Photocatalysis of carbamazepine via activating bisulfite by ultraviolet: Performance, transformation mechanism, and residual toxicity assessment of intermediates products

Abstract

Carbamazepine (CBZ) as an extensively distributed emerging pollutant has menaced ecological security. The degradation performance of CBZ by UV driven bisulfite process was investigated in this work. The kinetics results indicated that CBZ was high-efficiently degraded by UV/bisulfite following a pseudo first-order kinetic model (Kobs = 0.0925 min−1). SO4•− and •OH were verified as the reactive oxidants by EPR test and the radicals scavenging experiment using MeOH and TBA. SO4•− played a dominant role for CBZ degradation.
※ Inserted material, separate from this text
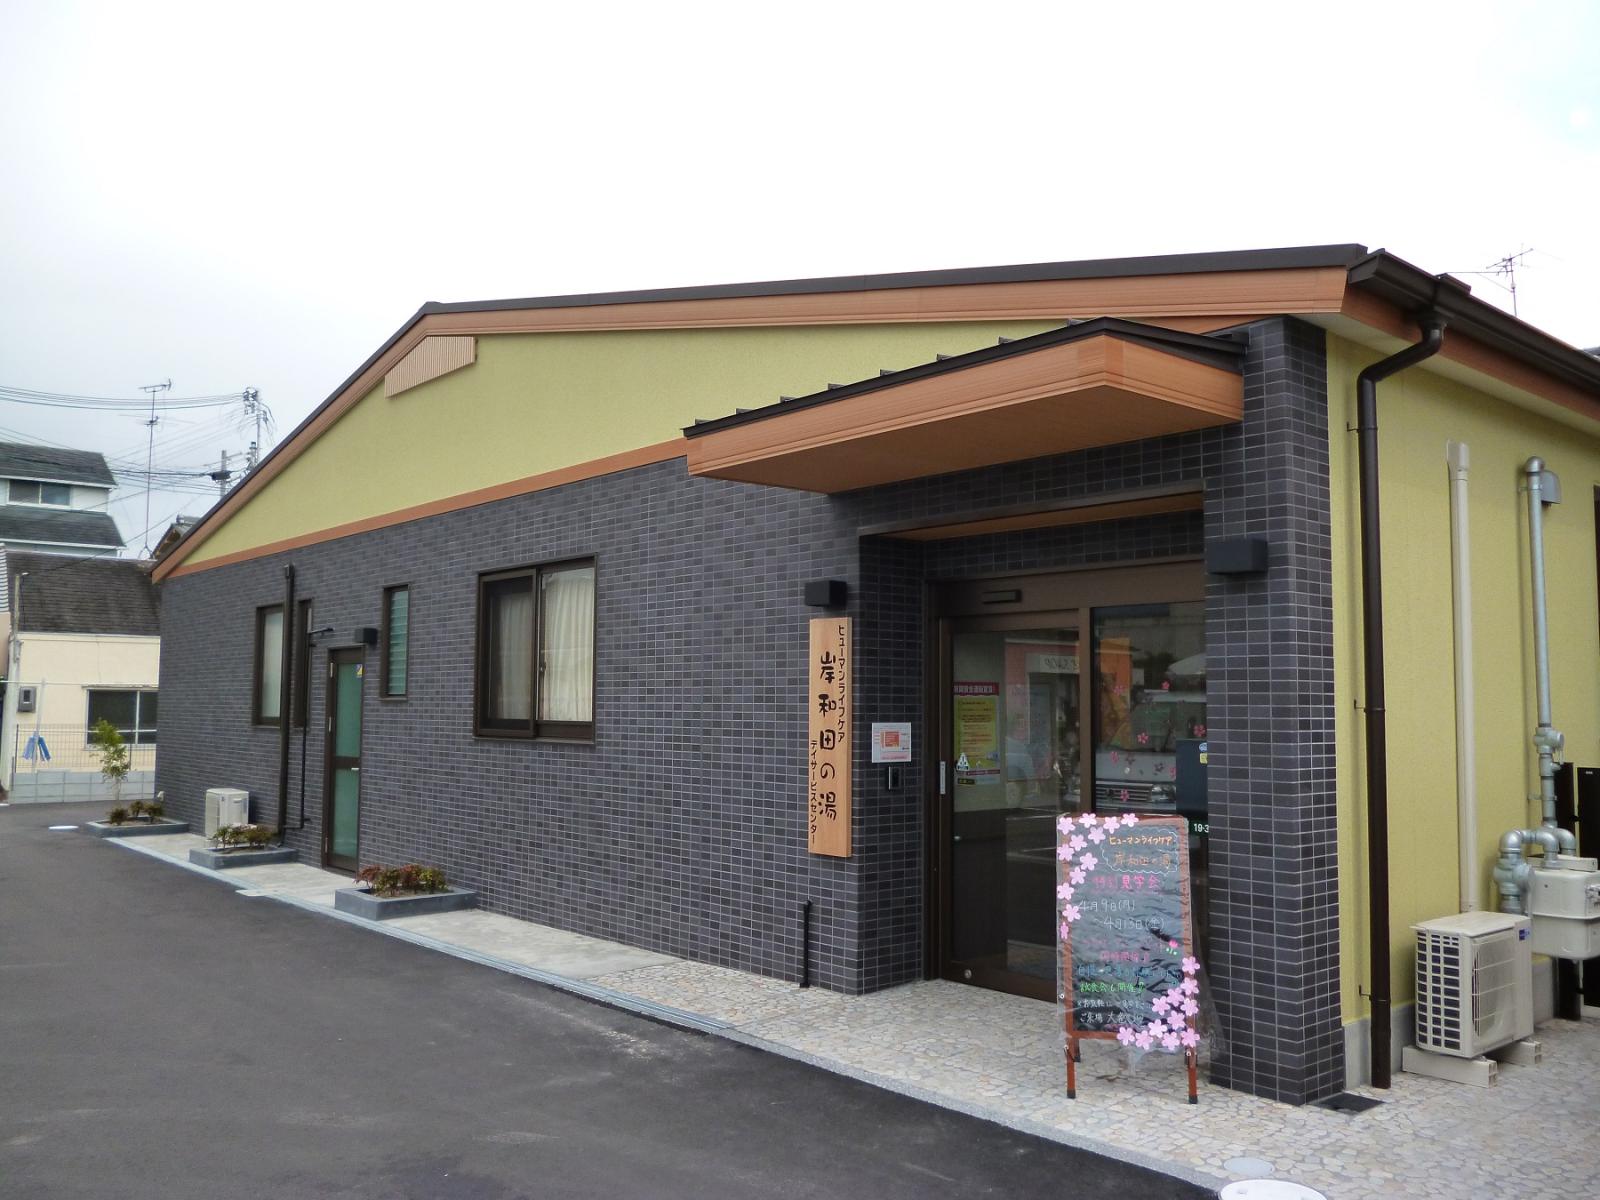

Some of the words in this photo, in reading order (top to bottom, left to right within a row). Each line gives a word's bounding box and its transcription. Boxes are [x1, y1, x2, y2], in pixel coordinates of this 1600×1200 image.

[818, 651, 837, 821] 岸和田の湯
[838, 624, 846, 743] ヒューマンライフケア
The Density functional theory (DFT) and LC-qTOF-MS/MS clarified that hydroxylation, ketonation, ring opening reaction, and ring contraction were main transformation patterns of CBZ. As to influence factors, CBZ degradation was significantly hindered in presence of CO32−, HPO42− and NOM. Toxicological analysis derived from metabonomics suggested that the remarkable alteration of metabolic profile was triggered by exposure to intermediates mixture. CBZ intermediates interfered in several key metabolic pathways, including pentose phosphate, amino acids, lysine degradation, glycerophospholipid, glutathione, nucleotides and carbohydrate, which was alleviated after UV/bisulfite treatment. This work provided a meaningful support to potential risk of CBZ intermediates products, which shed light on the future application in eliminating drugs using UV /bisulfite.